I tried saying no once. At an old job of mine, my manager pulled that whole “do this whole project that has nothing to do with why you were hired” thing on me, arguing that it fell under “other duties as assigned”. Except that it actually took time away from doing my main job. Almost all of my time. When they asked me to do the project again the following year, I tried saying no. But sadly, it didn’t work. My spreadsheet detailing how I didn’t have time to do it and my main job responsibilities wasn’t enough to convince them. But it did convince me that I didn’t want to work for a manager like that anymore.
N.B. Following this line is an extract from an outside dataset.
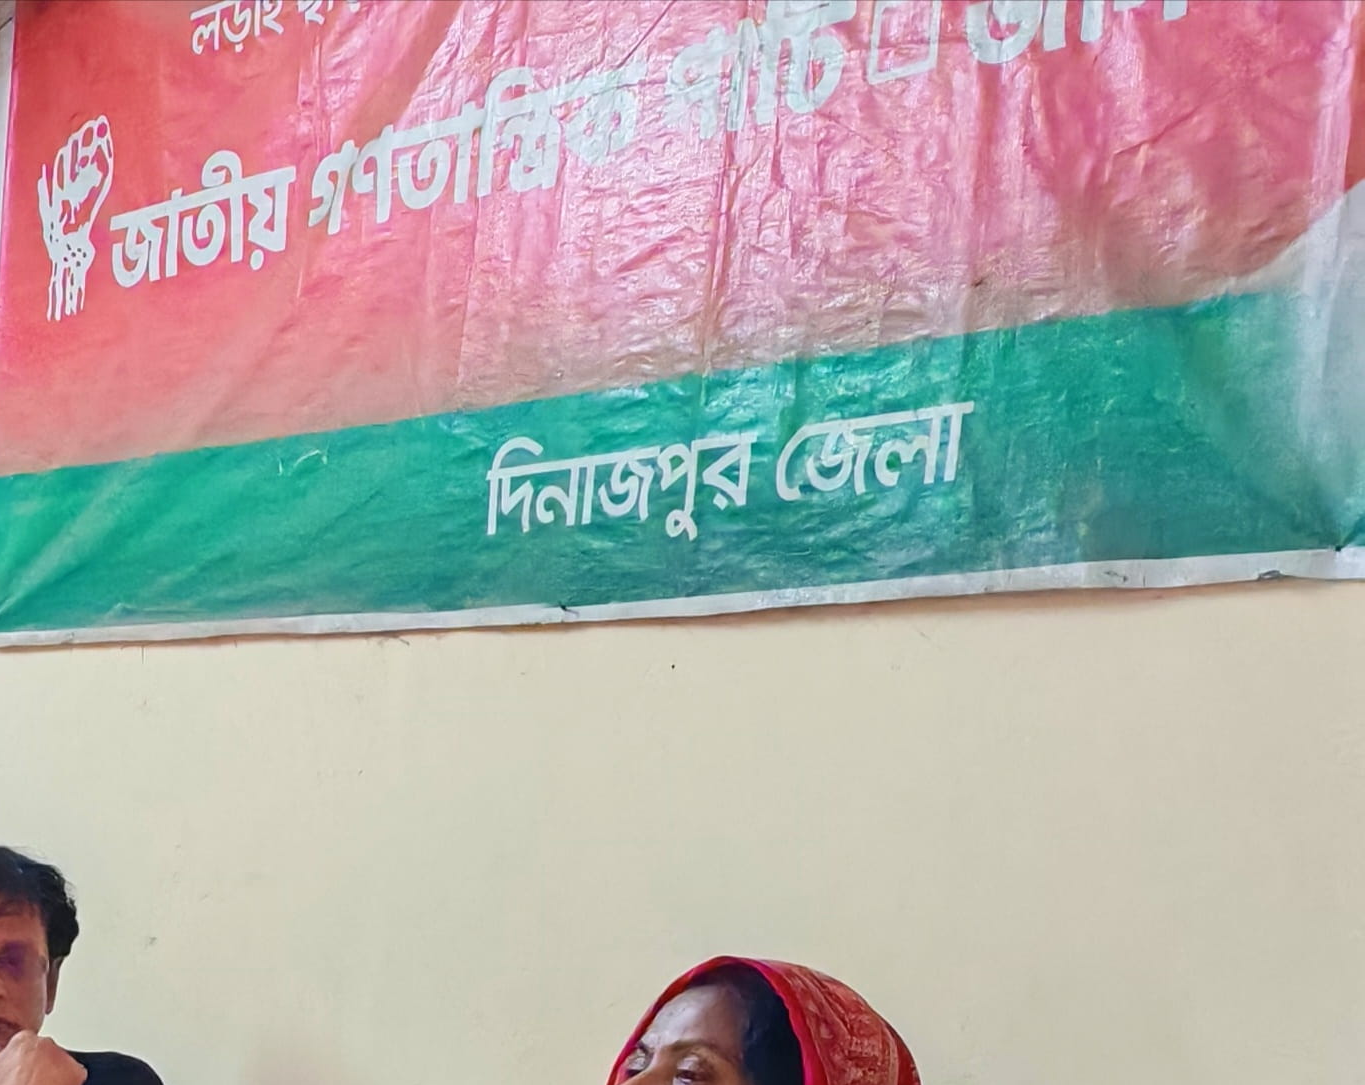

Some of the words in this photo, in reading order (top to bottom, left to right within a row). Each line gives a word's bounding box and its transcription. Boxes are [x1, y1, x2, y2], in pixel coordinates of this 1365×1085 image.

However, others have been much more successful at saying no than I was: How Pursuing FIRE Has Changed How I Act At Work
Get the Support You Need
Being unhappy at work and in life is no way to live.
You need to take care of yourself and your mental health. Which can be incredibly hard if you are struggling or failing at work. Or if you are being degraded or bullied by your boss, a coworker or a customer.
At some point, it’s just not worth it anymore.
The good news is that you don’t have to face things alone. There are supports available to you.
Lean on your partner, your friends and family.
If you have an Employment Assistance Program or benefits that cover counselling or therapy, take advantage of them. Especially if you need or want more professional supports.
Or contact your local counseling centers. Many of them offer free services, if you don’t have coverage or are on a tight budget.
Take a Break
Do you really hate your job or are you just overwhelmed? Sometimes it can be really hard to tell.
If it’s possible for you to do so, try taking a break from your job to see if things are better when you come back to work.
Use those vacation days and get away from it all for a couple of weeks.
If things are really going badly, consider taking a leave of absence or a stress leave from work. This isn’t always possible and comes with its own set of challenges. But if your well-being is at stake, it’s worth looking into.
Show Up and Do the Best Job You Can
I realize that this sort of contradicts my last point, but you need to show up to work every day and do the best job you can. Even if you hate it.
You need to make money, which is presumably why you have a job in the first place.
But you also need to maintain a professional reputation. Potential new employers will request references, and most of the time they want your most recent or current manager to be one of them. If you’ve been skipping work or doing a poor job, this could be a red flag and could cost you that new job offer.
Start Looking for a Better Job
Although this is the most obvious point, I purposely didn’t start with it. Because you should try some of these other suggestions (if you haven’t already) before you leave a job you hate.
At the very least, I hope you take the time to think about the first 2 points: what do you like about the job and what do you hate about it? You want to know the answers to these questions before you start putting yourself out there again, so that you don’t end up in yet another job that you hate.
Of course, finding a new job takes time. Sometimes a lot of time. So yes – start looking as soon as you start having more bad days than good ones.
Better yet, never stop looking. Even if you are happy with your job.
Keeping an eye on the industry takes only a few minutes of your time. It’s a great way to stay up to date with what skills and qualifications employers in your field are looking for. And to make sure you’re being paid fairly.
You also never know when budgets cuts or lay-offs are coming.
So update your resume. Keep it up to date. And start getting it out there.
If you are successful and are offered another job, you have options. You can stay at your current job and try to make it work. Or you can walk away and start somewhere new.
It’s easy to feel stuck when you hate your job. And unfortunately, you may be stuck there for a while. But the good news is you don’t have to be stuck there forever.